** WHAT YOU WILL DO **
Leave the images out and repeat the data exactly as given.

** DATA FOR THE TASK **

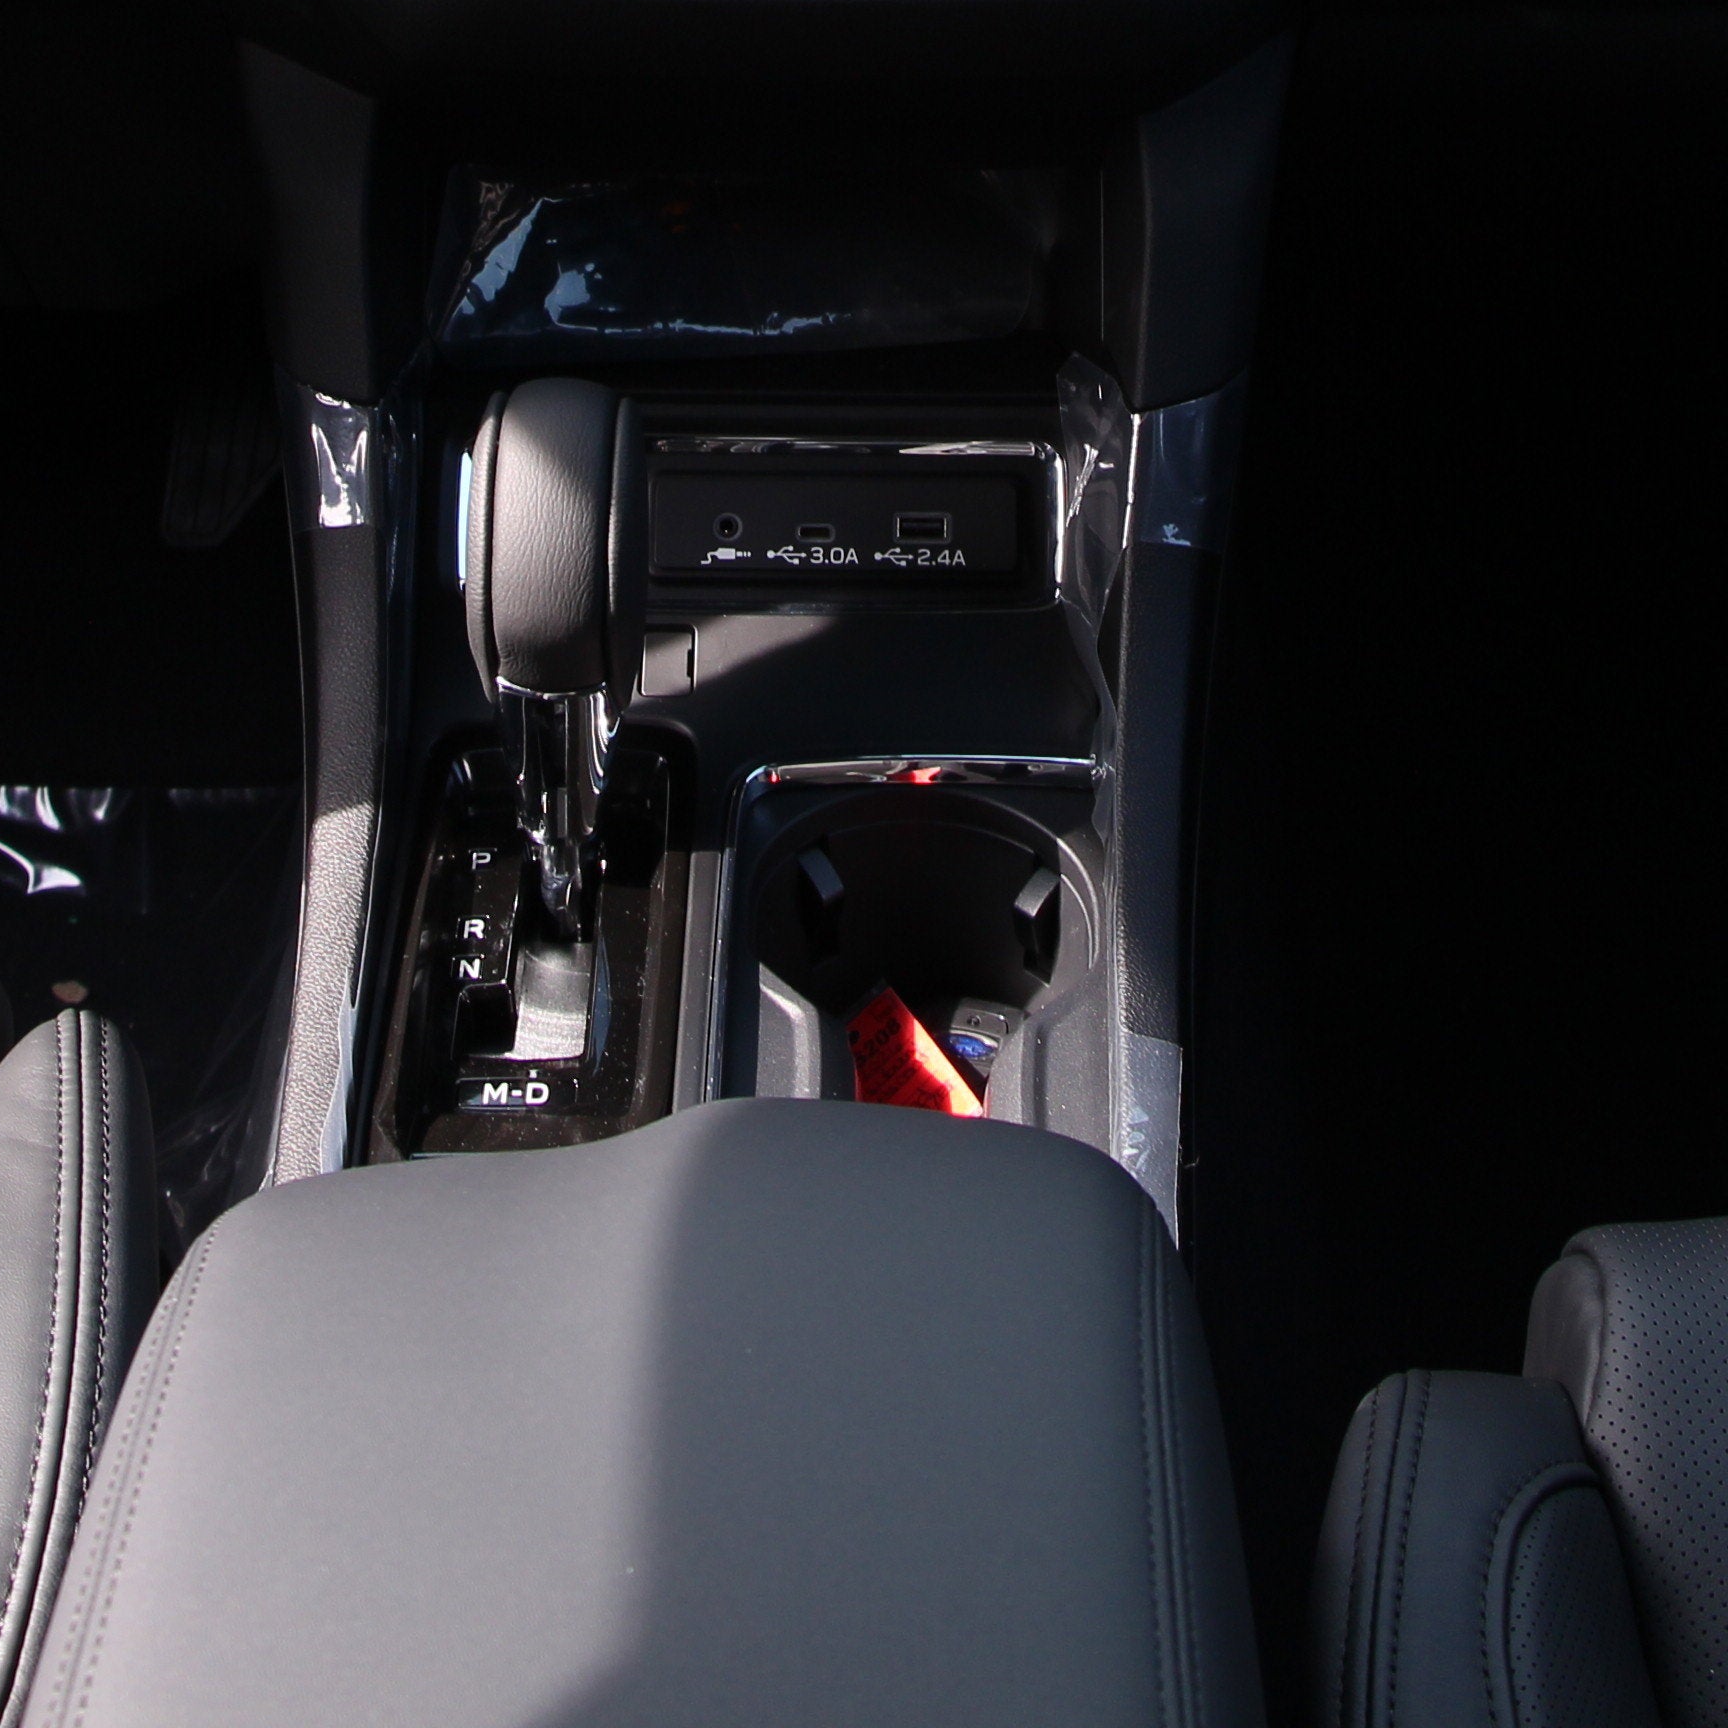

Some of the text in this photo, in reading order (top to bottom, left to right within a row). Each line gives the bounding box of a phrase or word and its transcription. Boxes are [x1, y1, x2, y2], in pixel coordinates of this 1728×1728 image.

[809, 547, 859, 566] 3.0A
[917, 548, 966, 567] 2.4A
[471, 851, 492, 871] P
[462, 918, 486, 940] R
[458, 958, 481, 980] N
[481, 1081, 551, 1107] M-D

** WORKED SOLUTION **
Some of the text in this photo, in reading order (top to bottom, left to right within a row). Each line gives the bounding box of a phrase or word and its transcription. Boxes are [x1, y1, x2, y2], in pixel coordinates of this 1728×1728 image.

[809, 547, 859, 566] 3.0A
[917, 548, 966, 567] 2.4A
[471, 851, 492, 871] P
[462, 918, 486, 940] R
[458, 958, 481, 980] N
[481, 1081, 551, 1107] M-D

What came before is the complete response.